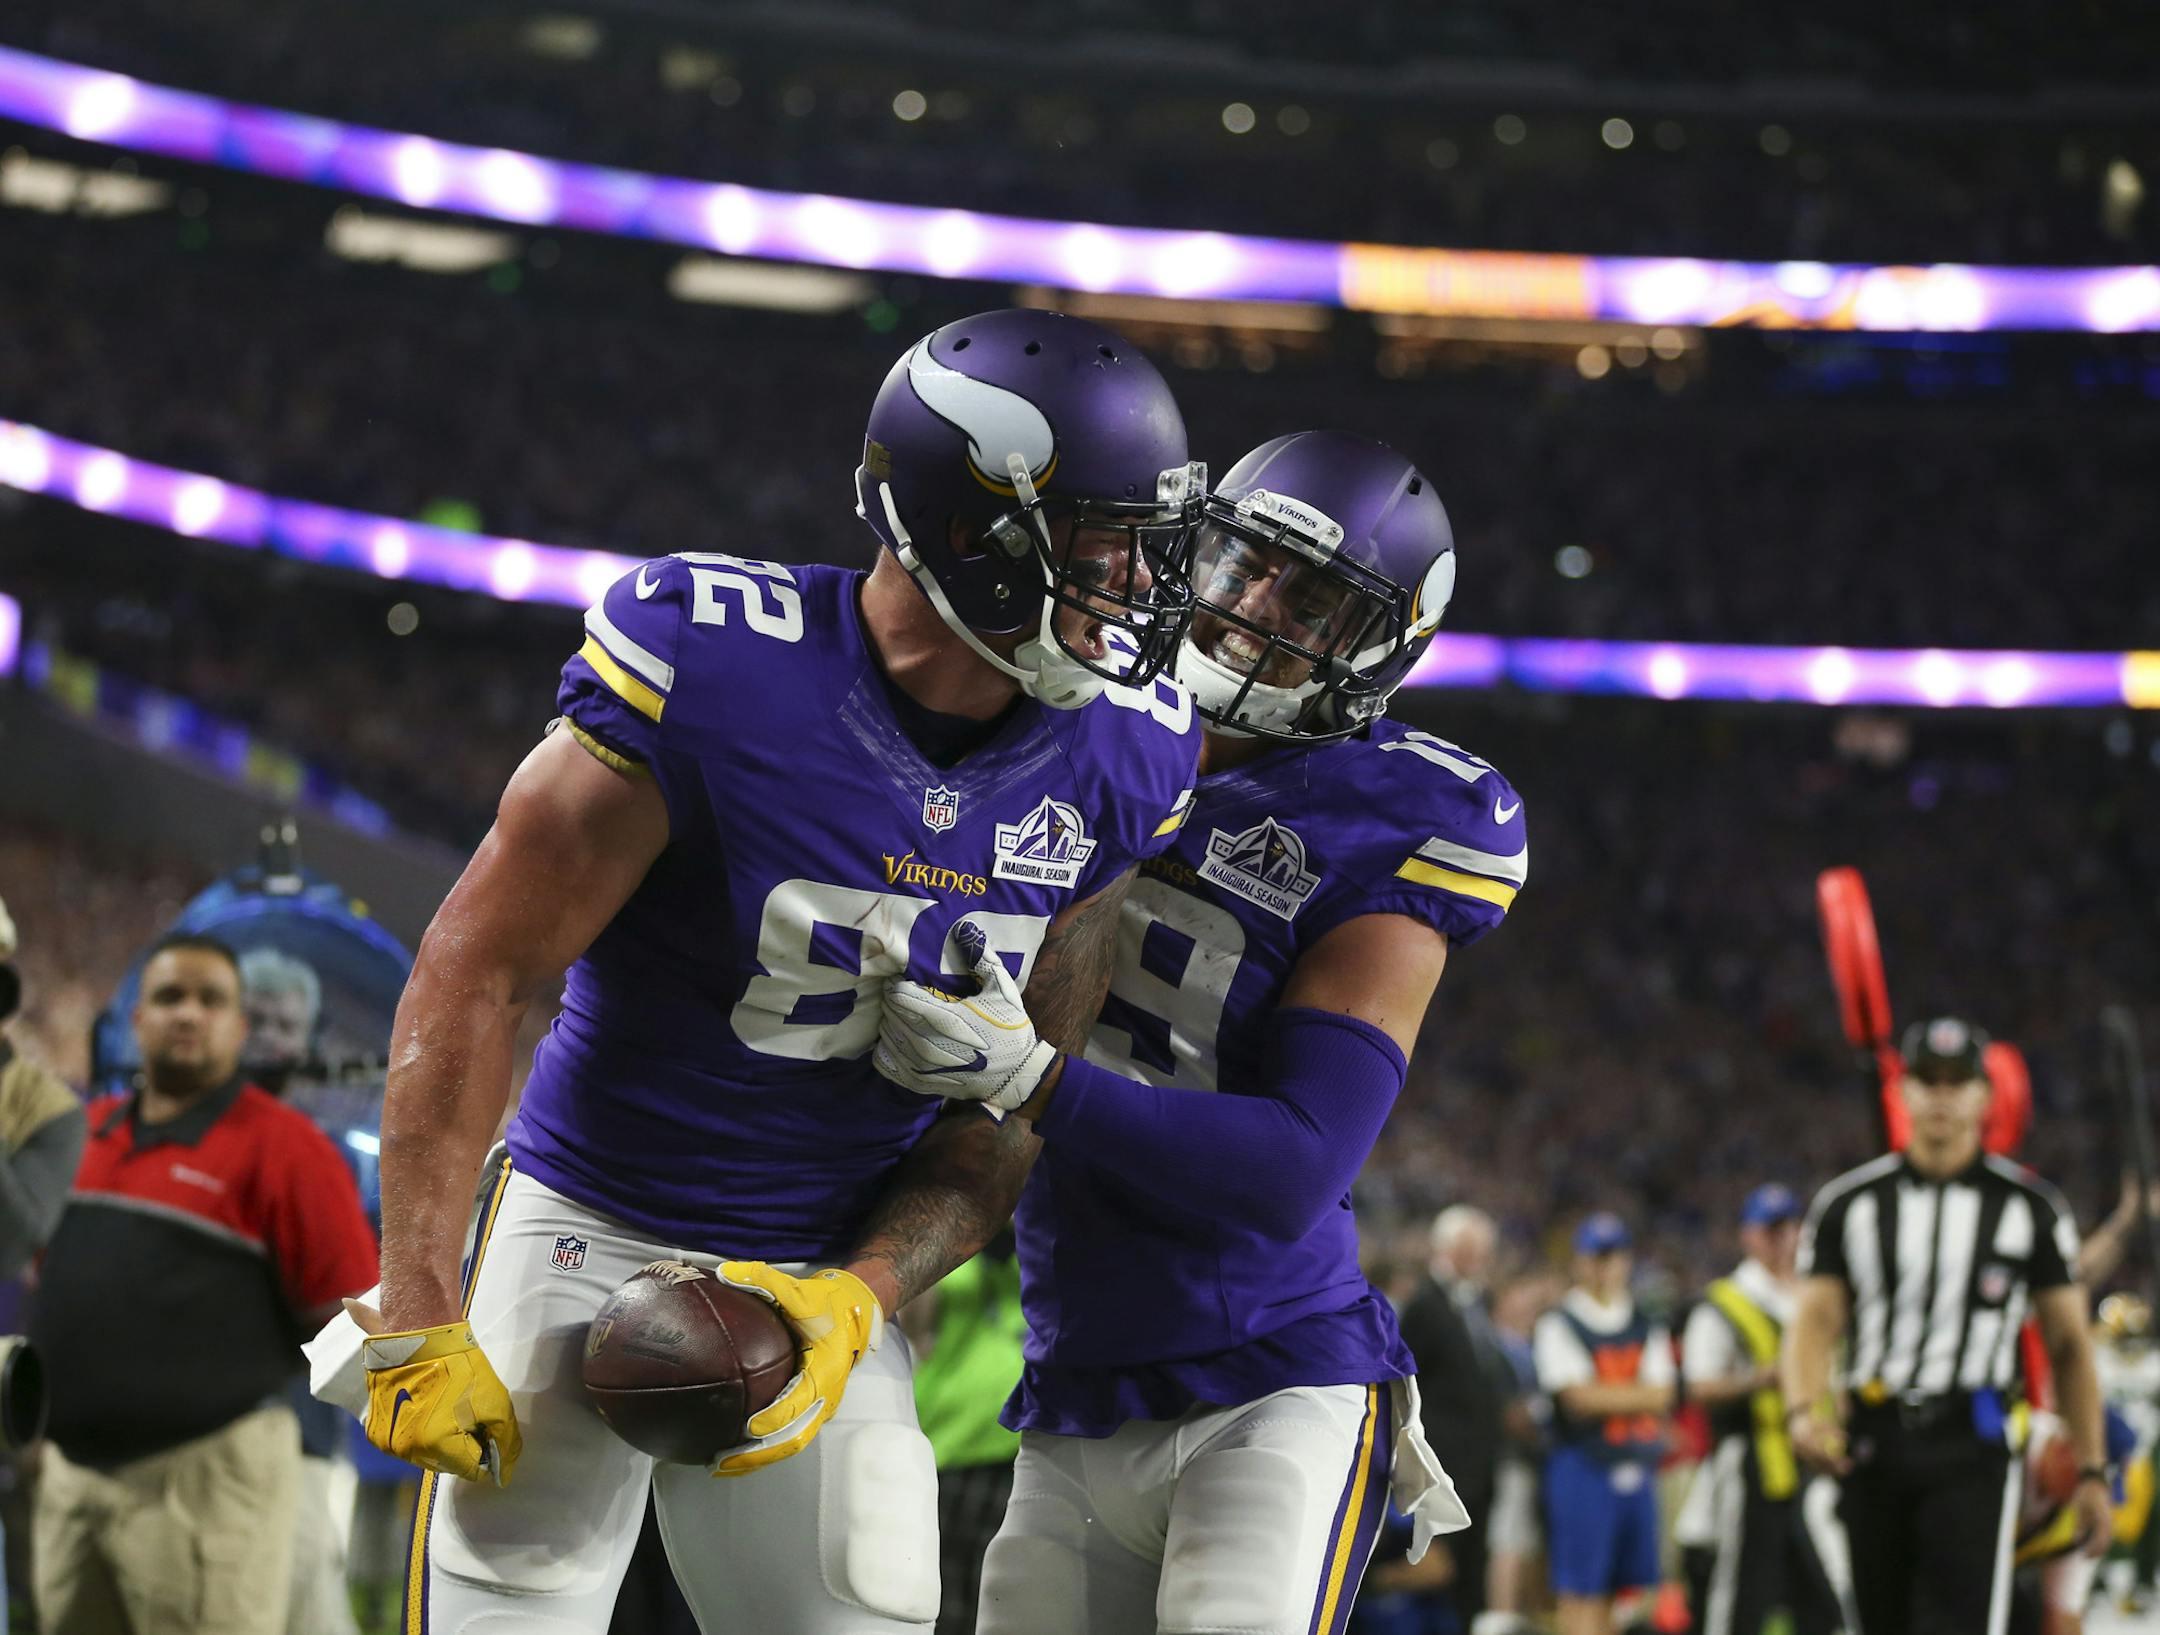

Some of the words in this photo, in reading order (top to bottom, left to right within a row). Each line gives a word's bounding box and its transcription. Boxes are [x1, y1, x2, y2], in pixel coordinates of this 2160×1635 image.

[927, 805, 950, 824] NFL
[1001, 860, 1042, 880] INAUGURAL
[1044, 868, 1071, 882] SEASON
[1207, 863, 1254, 897] INAUGURAL
[1254, 888, 1291, 914] SEASON
[555, 1249, 580, 1267] NFL
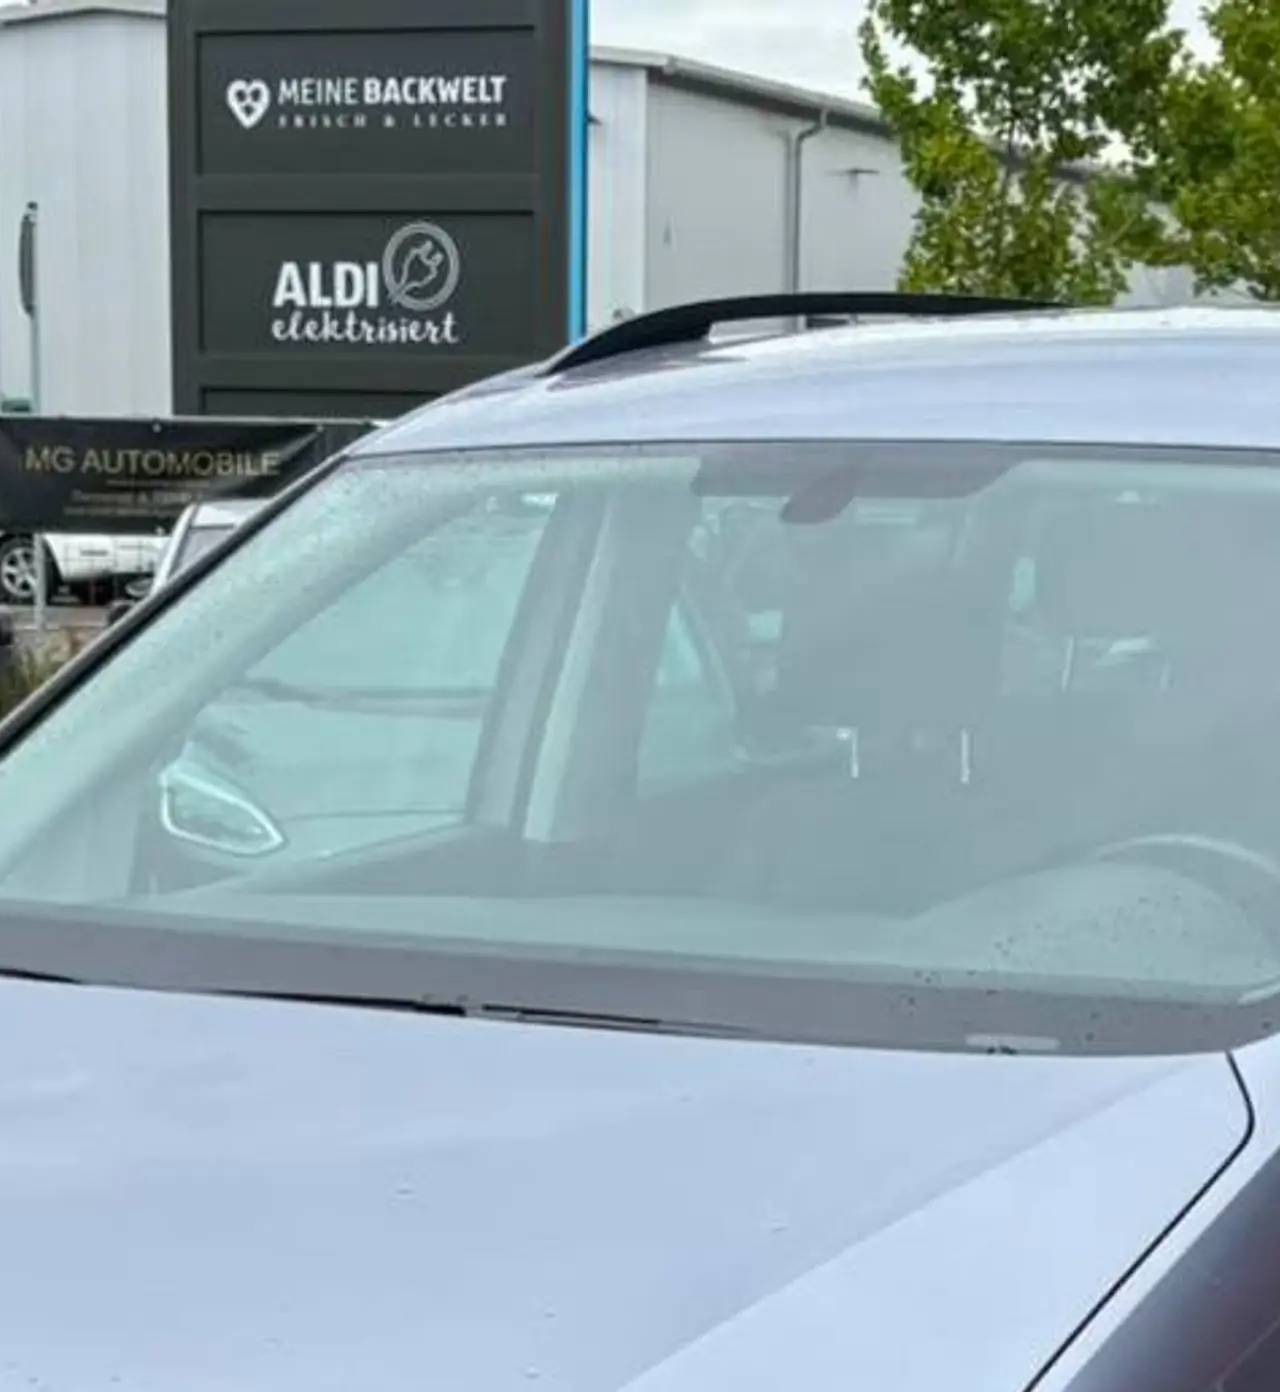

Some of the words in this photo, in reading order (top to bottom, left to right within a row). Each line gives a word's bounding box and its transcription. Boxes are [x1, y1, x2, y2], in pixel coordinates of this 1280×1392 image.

[277, 77, 359, 106] MEINE
[363, 75, 508, 105] BACKWELT
[272, 261, 379, 308] ALDI
[272, 310, 460, 344] elektrisiert
[24, 446, 75, 473] MG
[81, 448, 282, 477] AUTOMOBILE

* Work to complete:
Give the data above again in full and unchanged, skipping the pictures.

* Response:
Some of the words in this photo, in reading order (top to bottom, left to right within a row). Each line gives a word's bounding box and its transcription. Boxes are [x1, y1, x2, y2], in pixel coordinates of this 2160×1635 image.

[927, 805, 950, 824] NFL
[1001, 860, 1042, 880] INAUGURAL
[1044, 868, 1071, 882] SEASON
[1207, 863, 1254, 897] INAUGURAL
[1254, 888, 1291, 914] SEASON
[555, 1249, 580, 1267] NFL

Some of the words in this photo, in reading order (top to bottom, left to right within a row). Each line gives a word's bounding box and its transcription. Boxes are [x1, y1, x2, y2], in pixel coordinates of this 1280×1392 image.

[277, 77, 359, 106] MEINE
[363, 75, 508, 105] BACKWELT
[272, 261, 379, 308] ALDI
[272, 310, 460, 344] elektrisiert
[24, 446, 75, 473] MG
[81, 448, 282, 477] AUTOMOBILE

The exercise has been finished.